En revanche, aucun élément suffisant ne permet de remettre en cause la présomption de bonne foi dont elle bénéficie compte tenu d’un budget très contraint, expliquant notamment les difficultés à honorer les charges courantes la contraignant à un recours ponctuel aux crédits à la consommation consécutivement à son licenciement et à une perte ponctuelle de droits aux allocations chômages.
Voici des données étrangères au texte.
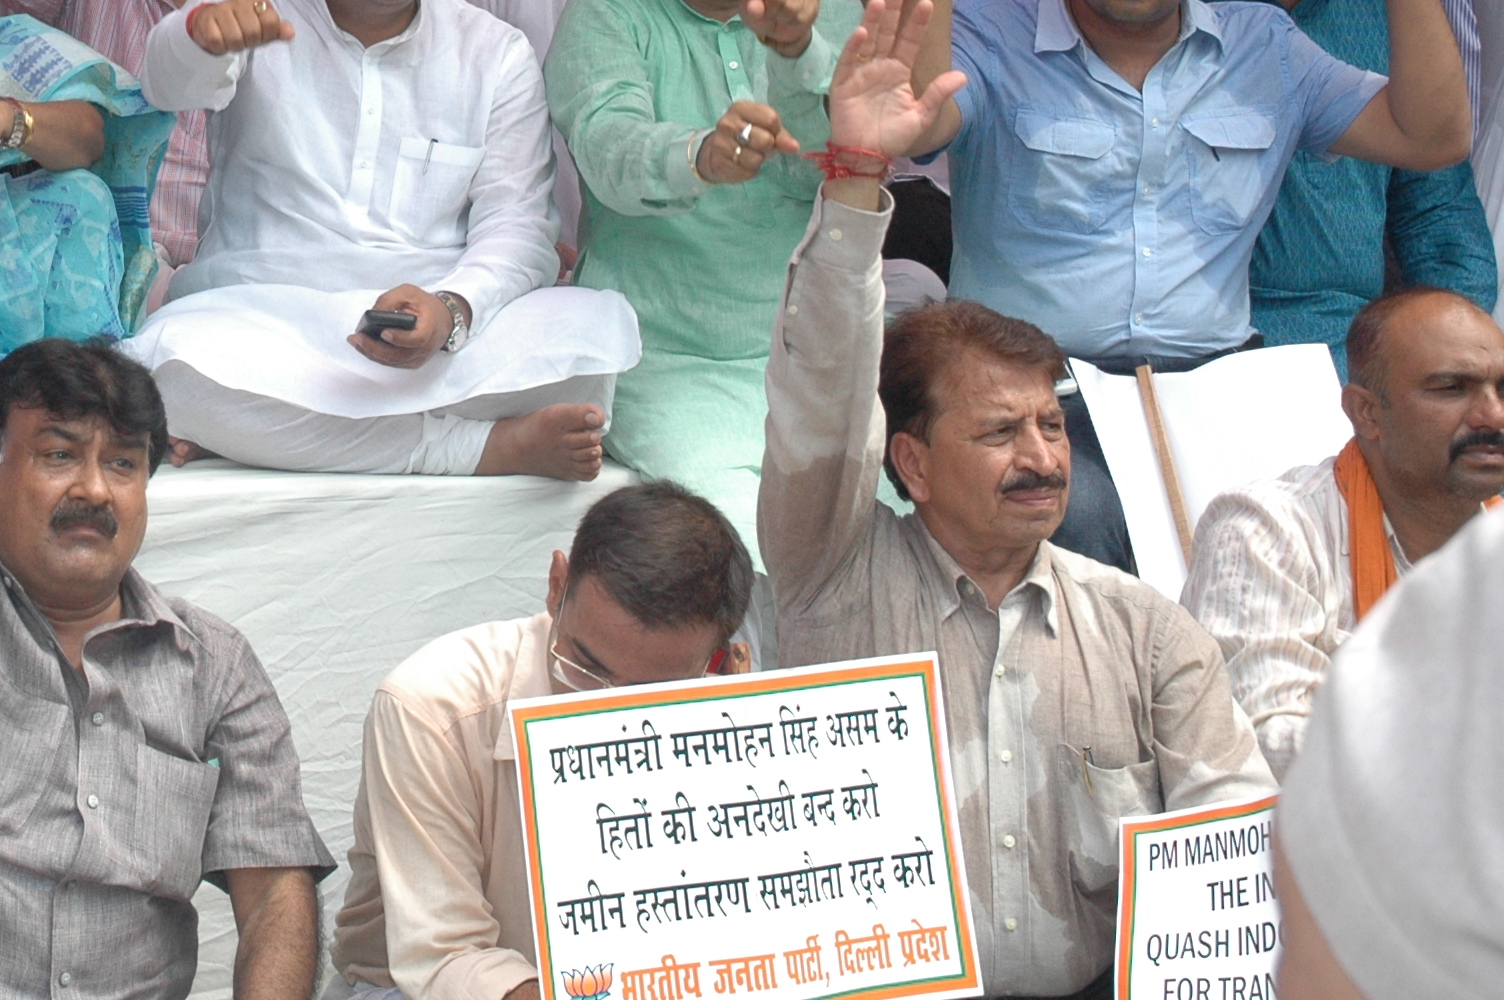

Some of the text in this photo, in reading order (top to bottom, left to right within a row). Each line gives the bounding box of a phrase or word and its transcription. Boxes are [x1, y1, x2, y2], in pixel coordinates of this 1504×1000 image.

[549, 691, 909, 784] प्रधानमंत्री मनमोहन सिंह असम के
[596, 769, 880, 860] हितों की अनदेखी बन्द करो
[1149, 840, 1178, 871] PM
[557, 879, 626, 935] जमीन
[633, 869, 751, 933] हस्तांतरण
[757, 851, 844, 910] समझौता
[891, 836, 935, 888] करो
[1207, 876, 1249, 911] THE
[621, 918, 950, 1000] भारतीय जनता पार्टी, दिल्ली प्रदेश
[1147, 929, 1229, 966] QUASH
[1164, 978, 1210, 1000] FOR
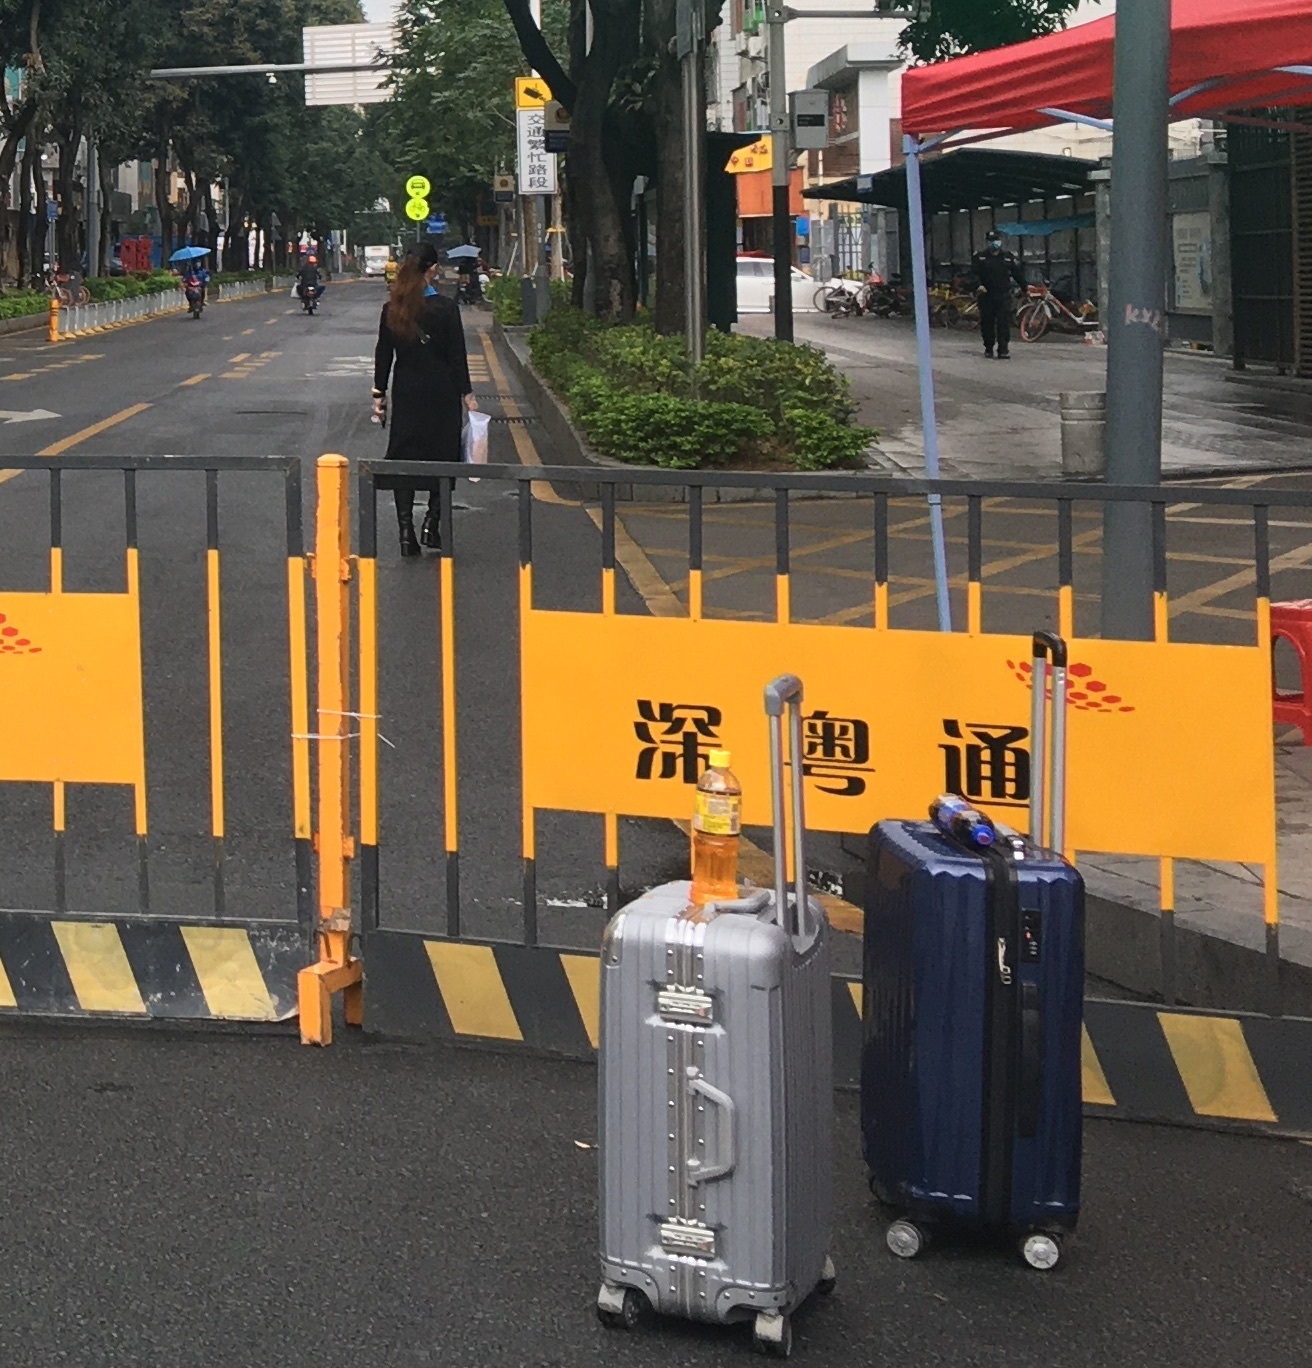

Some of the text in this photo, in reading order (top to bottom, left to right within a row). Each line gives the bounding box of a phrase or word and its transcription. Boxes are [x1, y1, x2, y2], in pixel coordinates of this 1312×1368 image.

[527, 113, 548, 189] 交通繁忙路段
[633, 698, 1032, 808] 深粤通
Ainsi, il en résulte que les mesures de traitement du surendettement prévues par les articles L.732-1 et suivants ainsi que L.733-1 et suivants du Code de la consommation ne sont pas impuissantes à permettre un apurement du passif et que la situation de Madame [M] [C] n’est pas irrémédiablement compromise au sens de l’article L.724-1 et de l’article L.741-1 du même Code.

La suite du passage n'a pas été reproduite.